La temática de fondo gira en torno al llamado Siglo de la Luces, el momento histórico en el que comenzó a construirse el Jardín del Laberinto. Es un siglo decisivo para analizar muchos de los aspectos en los que ha desembocado la sociedad occidental actual y, con ella, la humanidad terrestre.
Desde Sócrates, la vida y cultura occidentales se han ido paulatinamente desacralizando, o si nos parece, se han ido encerrando en unas coordenadas exclusivamente humanas, que han empobrecido y amputado la dimensión trascendental que daba un sentido unitivo a la vida de hombres y mujeres. No por ello dejamos de encontrar momentos y personas en la historia de Occidente que han ido o van a contracorriente de esa progresiva desacralización del mundo.
El siglo XVIII europeo es el momento decisivo en el que el espíritu racionalista declara abiertamente la guerra tanto a la tierra como al cielo (con un poder religioso corrupto y abusivo no debe extrañarnos ese factor). Es el momento en el que Oriente y Occidente dejan de significar, simple y llanamente, por donde sale y se pone el sol, para pasar a bifurcarse y darse la espalda. Es, también, el momento en el que el hombre occidental revistió su mente con esas ideas peregrinas que tanto daño están ocasionando al planeta que nos rige, a estas alturas, irreversiblemente enfermo. Su boca se colmó de palabras huecas y altisonantes y, en nombre de la modernidad y el progreso como reclamo instituido, la civilización occidental fue arrasando al mundo, convirtiéndolo en una simple esfera cansada de girar, desprovista ya de cualquier sentido cósmico, cuyos poderes fácticos instauraron en ella un auténtico imperio del terror, donde al final lo único que cuenta es que unos vendan y continúen vendiendo, y a otros no les quede más remedio que comprar.

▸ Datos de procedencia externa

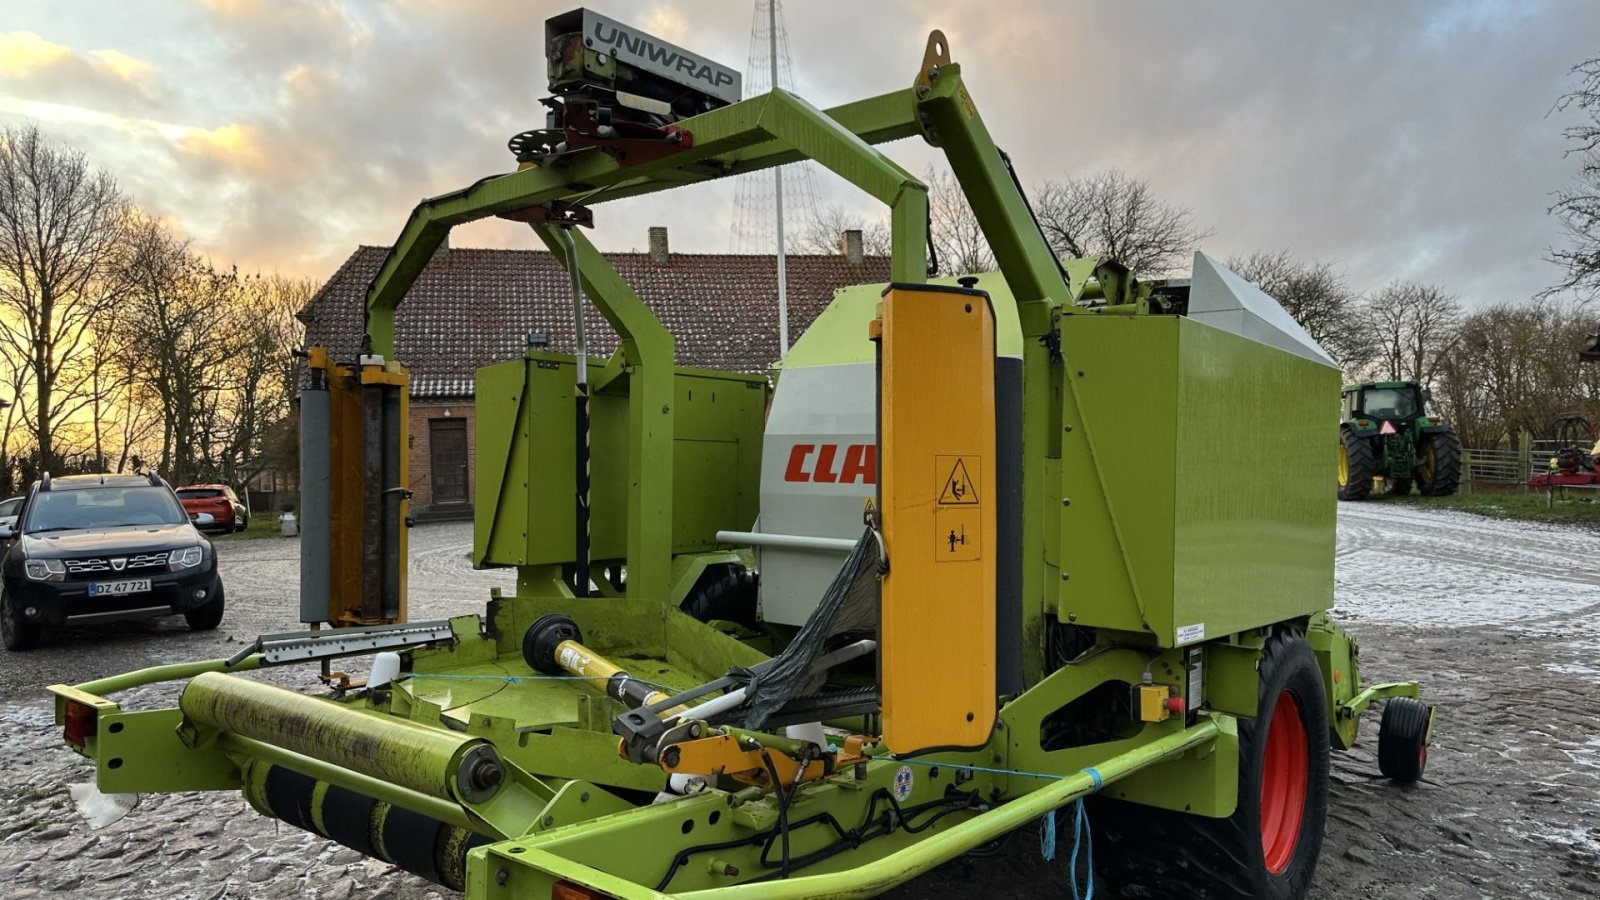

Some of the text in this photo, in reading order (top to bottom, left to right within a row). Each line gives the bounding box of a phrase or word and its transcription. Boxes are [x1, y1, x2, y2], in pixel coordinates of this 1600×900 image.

[594, 22, 734, 87] UNIWRAP
[784, 444, 876, 484] CLA
[97, 580, 149, 594] DZ 47 721

Desde el momento en que se rechaza y suprime la interconexión entre los tres mundos (subterráneo-abisal, intermedio-humano, divino-celeste), negando por un lado el arquetipo celestial y, por otro, el impulso pasional que aferraba al ser humano a la inmanencia terrestre, desde ese momento, es comprensible que el hombre, en su ceguera, no admita otro mundo sino el que toca o ve y, así, sus conquistas serán meramente físicas, o no lo serán en absoluto.
No nos debe extrañar, por otro lado –aunque nos enfurezca–, que cuando se afirma como únicamente posible y real aquello que sus ojos ven y sus manos tocan, todo aquello que ve y toca debe inclinarse y arrodillarse a sus pies, debe de ser domeñado, arrasado, exprimido hasta la última gota.

Y es llegados a este punto cuando nos sorprende de súbito la interpretación simbólico-iniciática de este libro que se nos ofrece.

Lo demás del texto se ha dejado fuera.